Content starts
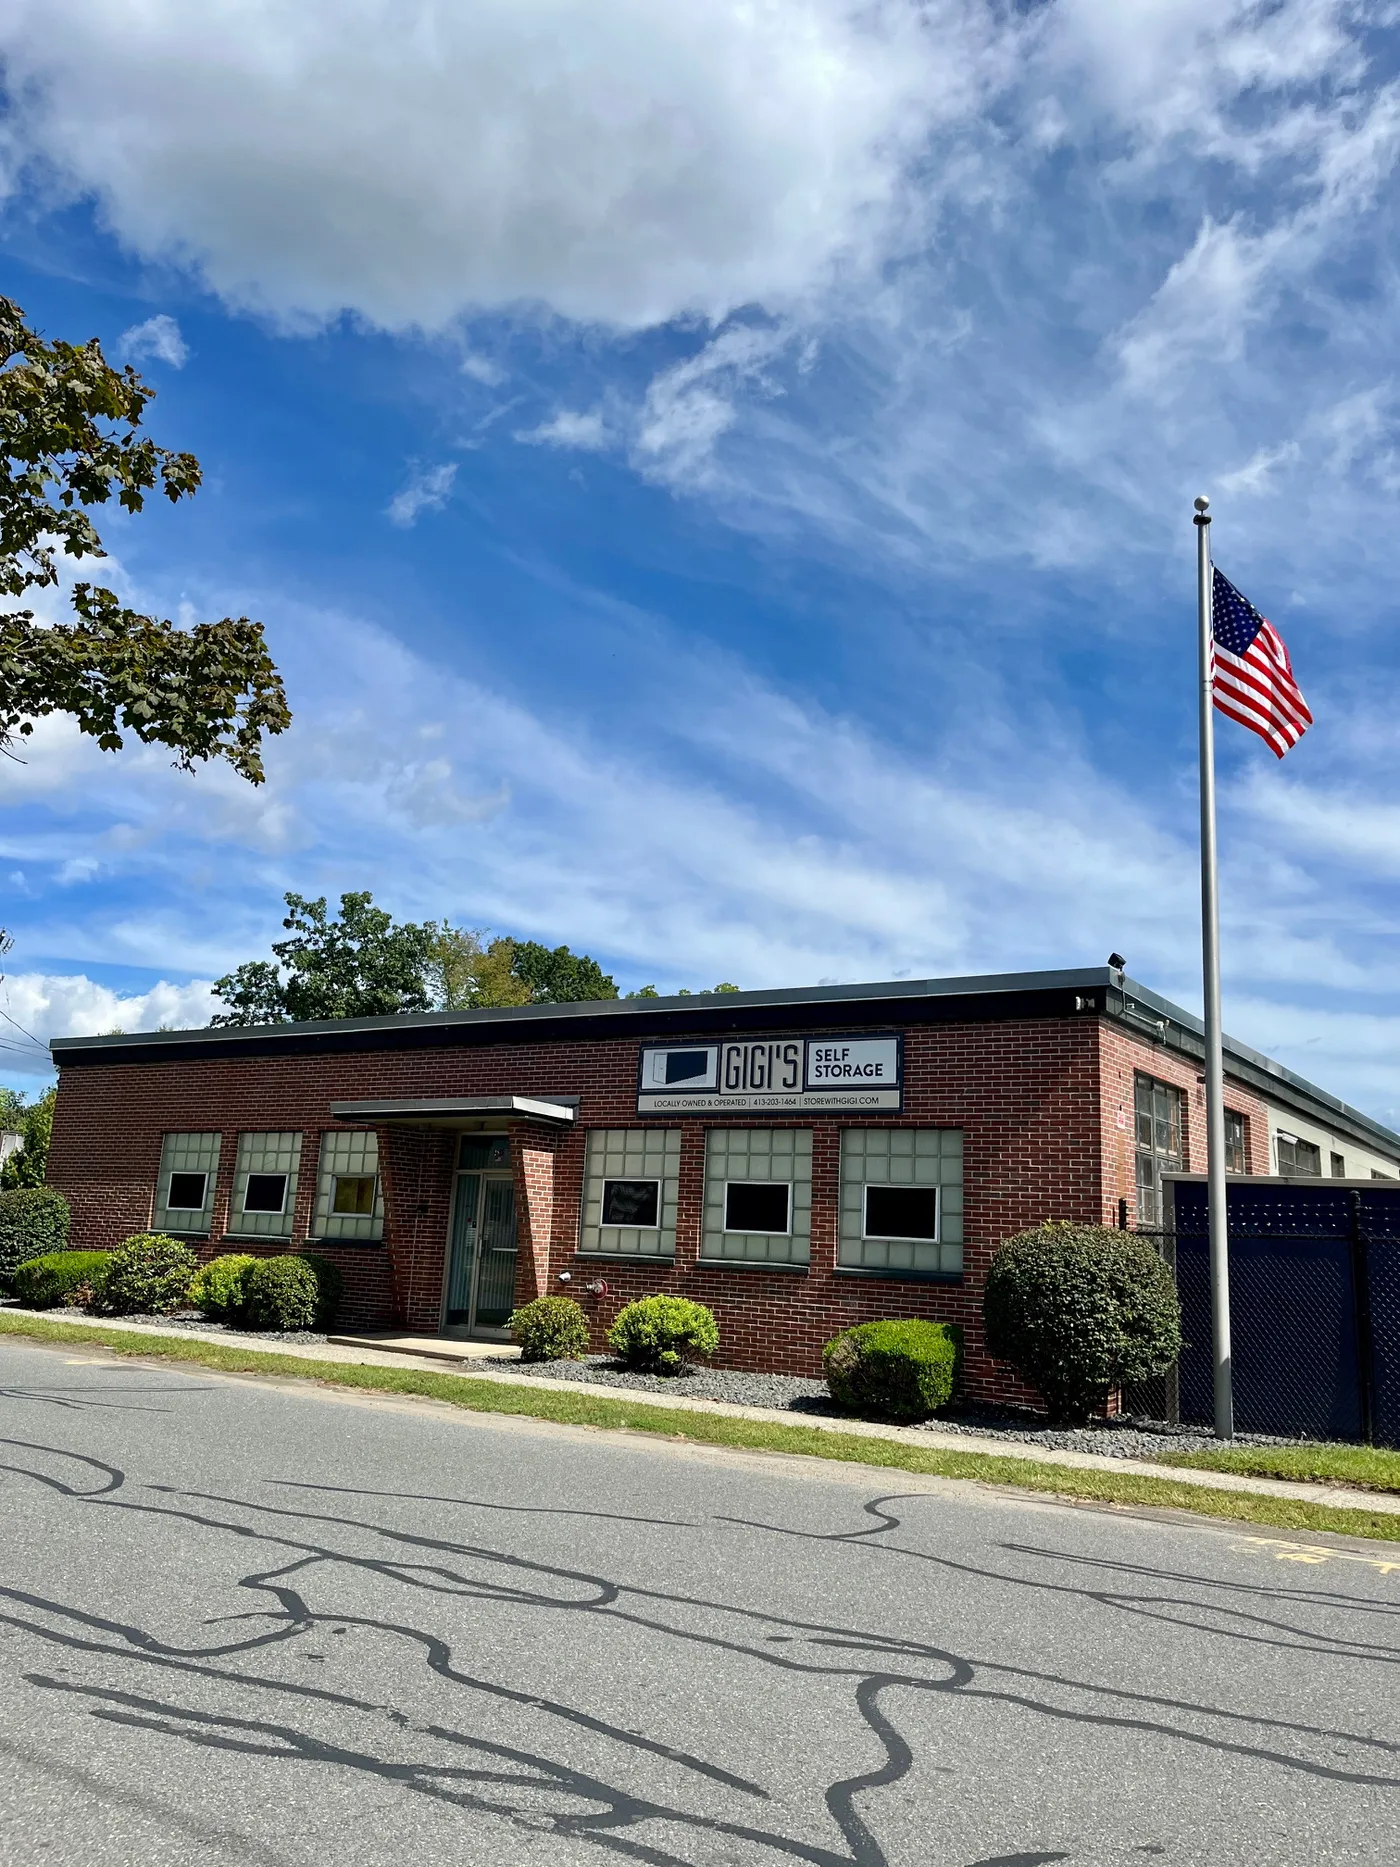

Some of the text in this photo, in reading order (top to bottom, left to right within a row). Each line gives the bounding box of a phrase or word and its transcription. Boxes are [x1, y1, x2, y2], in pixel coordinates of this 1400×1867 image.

[815, 1048, 850, 1062] SELF
[726, 1045, 798, 1090] GIGI'S
[815, 1063, 883, 1078] STORAGE
[654, 1096, 879, 1108] LOCALLY OWNED & OPERATED 413-203-1464 STOREWITHGIGI.COM
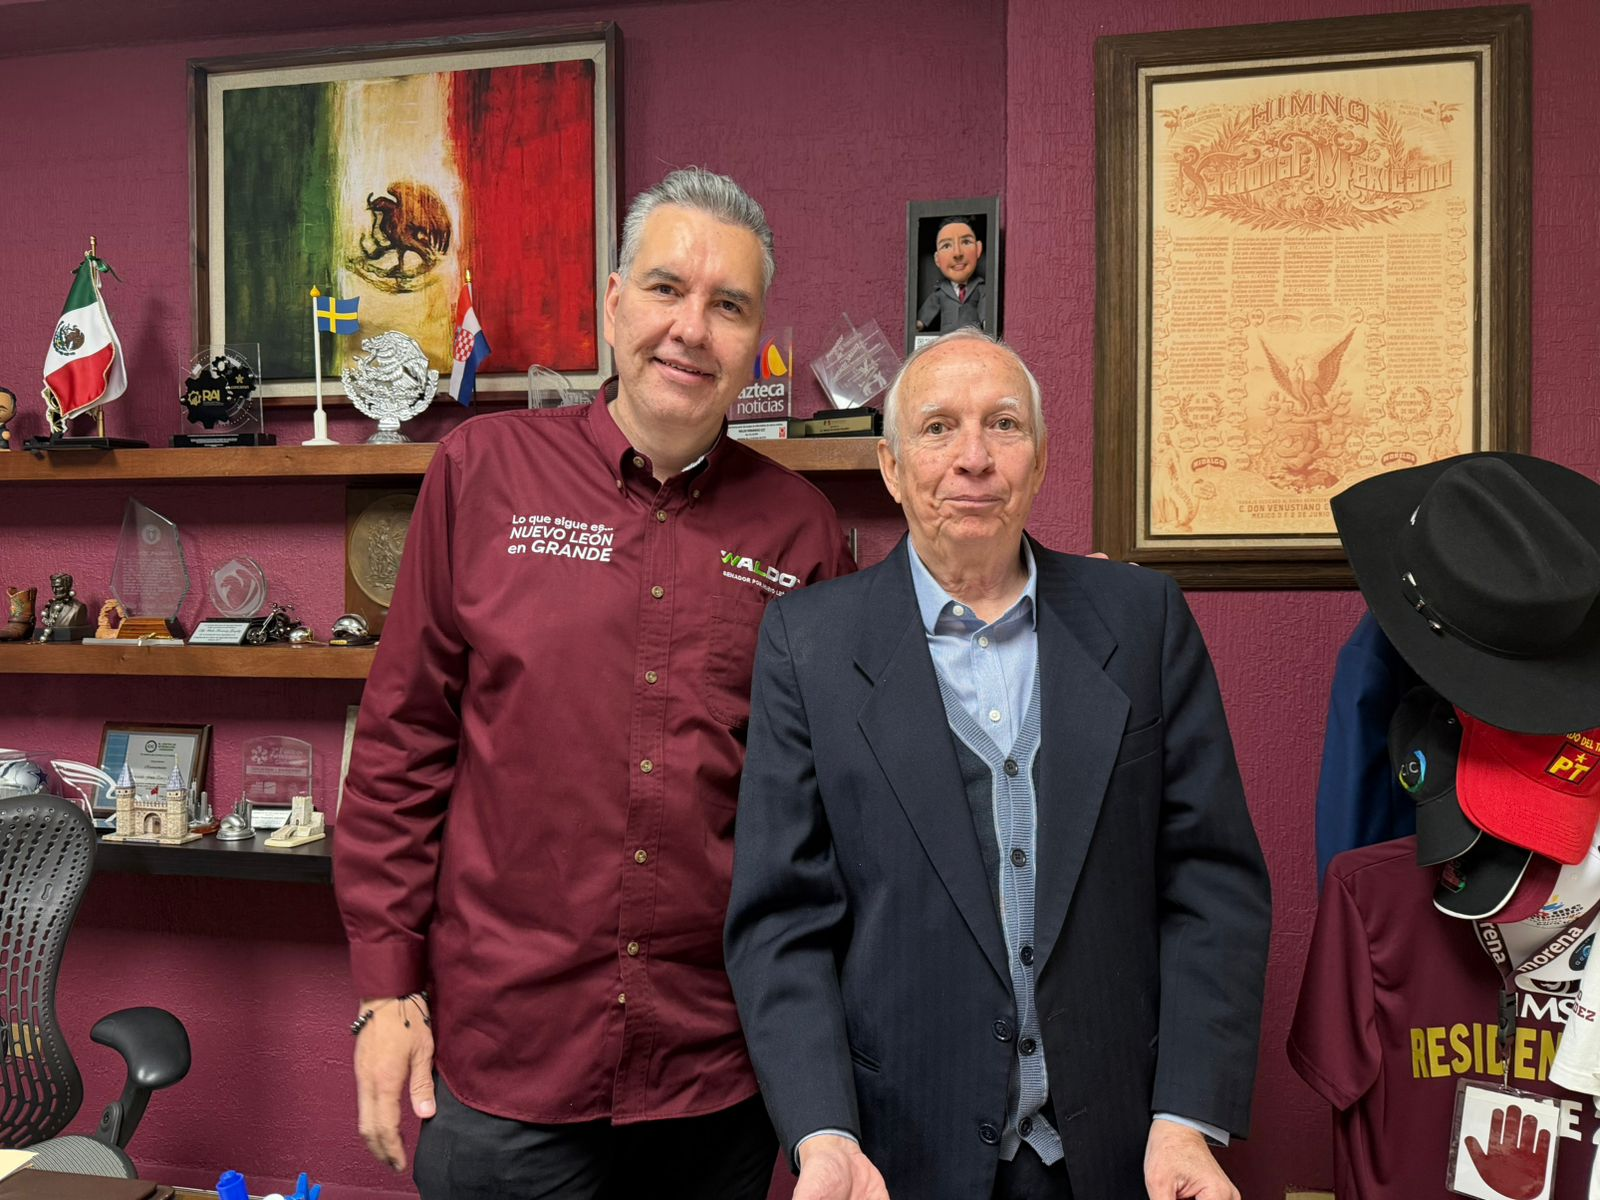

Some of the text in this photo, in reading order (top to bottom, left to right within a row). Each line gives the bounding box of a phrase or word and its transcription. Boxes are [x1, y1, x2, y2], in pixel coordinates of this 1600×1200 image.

[1251, 91, 1369, 130] HIMNO
[202, 390, 220, 402] RAI
[737, 382, 785, 399] azteca
[737, 398, 785, 414] noticias
[1267, 503, 1321, 512] VENUSTIANO
[512, 514, 526, 524] Lo
[528, 515, 552, 525] que
[554, 516, 588, 530] sigue
[509, 526, 614, 546] NUEVO LEÓN
[507, 540, 613, 562] en GRANDE
[720, 550, 797, 588] WALDO
[722, 570, 751, 583] SENADOR
[1580, 736, 1594, 750] DEL
[1550, 755, 1590, 781] PT
[1516, 927, 1584, 974] morena
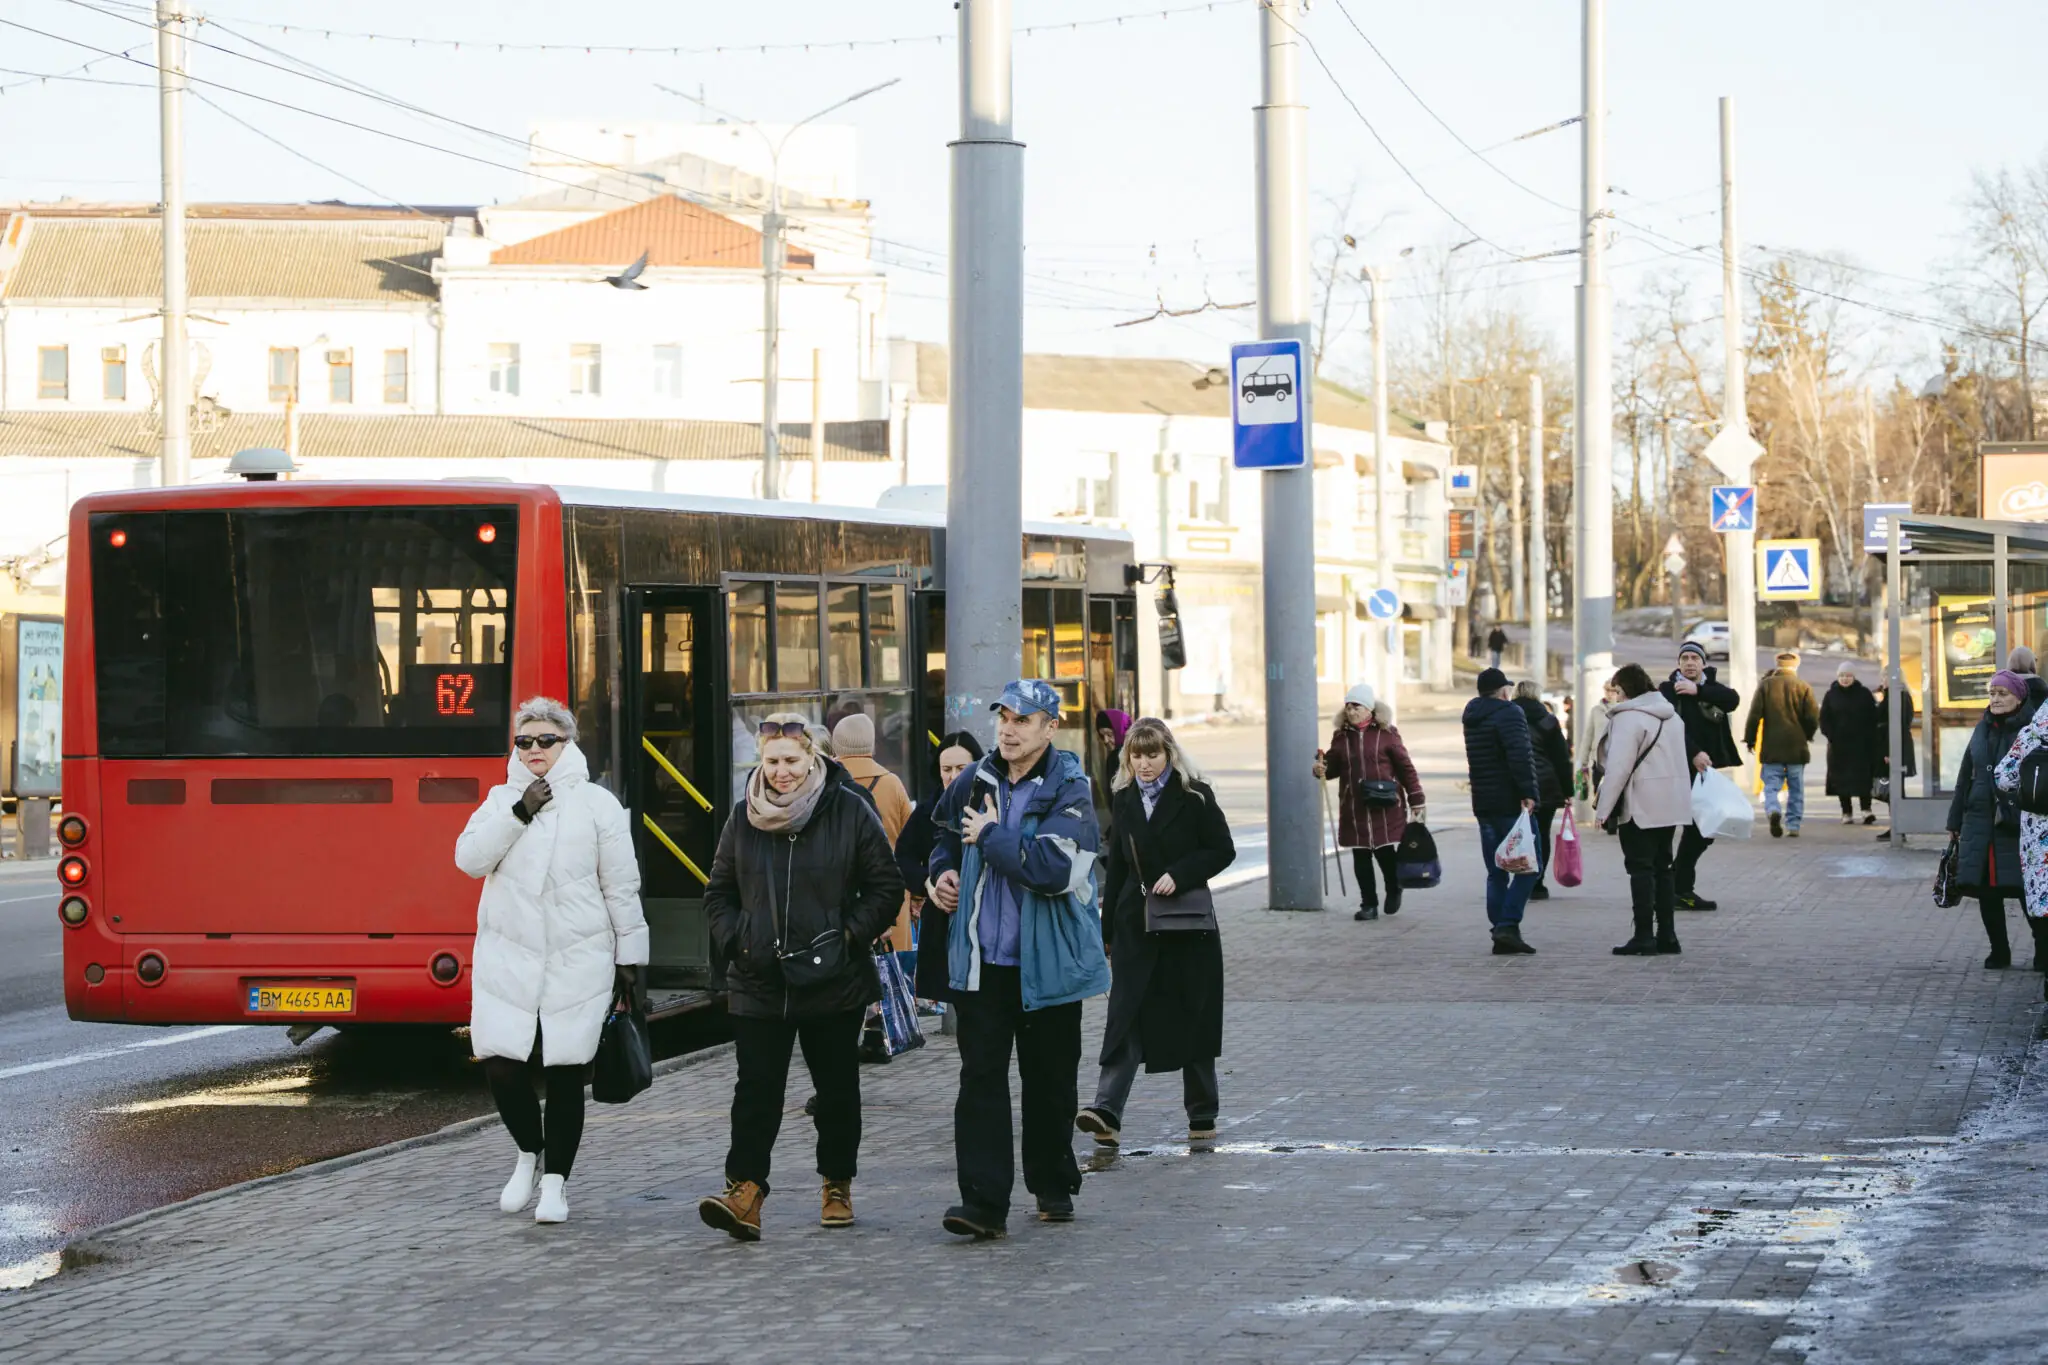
Content ends
Would you please copy the material exactly, leaving all the pictures out?

Reply to the task:
Some of the text in this photo, in reading order (top to bottom, left to right within a row). Each line gives the bounding box of a phrase or word and its transcription. Boxes are [x1, y1, x2, y2], in pixel coordinates of this 1400×1867 image.

[815, 1048, 850, 1062] SELF
[726, 1045, 798, 1090] GIGI'S
[815, 1063, 883, 1078] STORAGE
[654, 1096, 879, 1108] LOCALLY OWNED & OPERATED 413-203-1464 STOREWITHGIGI.COM

Some of the text in this photo, in reading order (top to bottom, left to right within a row). Each line gives the bounding box of a phrase or word and its transcription. Boxes are [x1, y1, x2, y2], in pixel coordinates of this 1600×1200 image.

[1251, 91, 1369, 130] HIMNO
[202, 390, 220, 402] RAI
[737, 382, 785, 399] azteca
[737, 398, 785, 414] noticias
[1267, 503, 1321, 512] VENUSTIANO
[512, 514, 526, 524] Lo
[528, 515, 552, 525] que
[554, 516, 588, 530] sigue
[509, 526, 614, 546] NUEVO LEÓN
[507, 540, 613, 562] en GRANDE
[720, 550, 797, 588] WALDO
[722, 570, 751, 583] SENADOR
[1580, 736, 1594, 750] DEL
[1550, 755, 1590, 781] PT
[1516, 927, 1584, 974] morena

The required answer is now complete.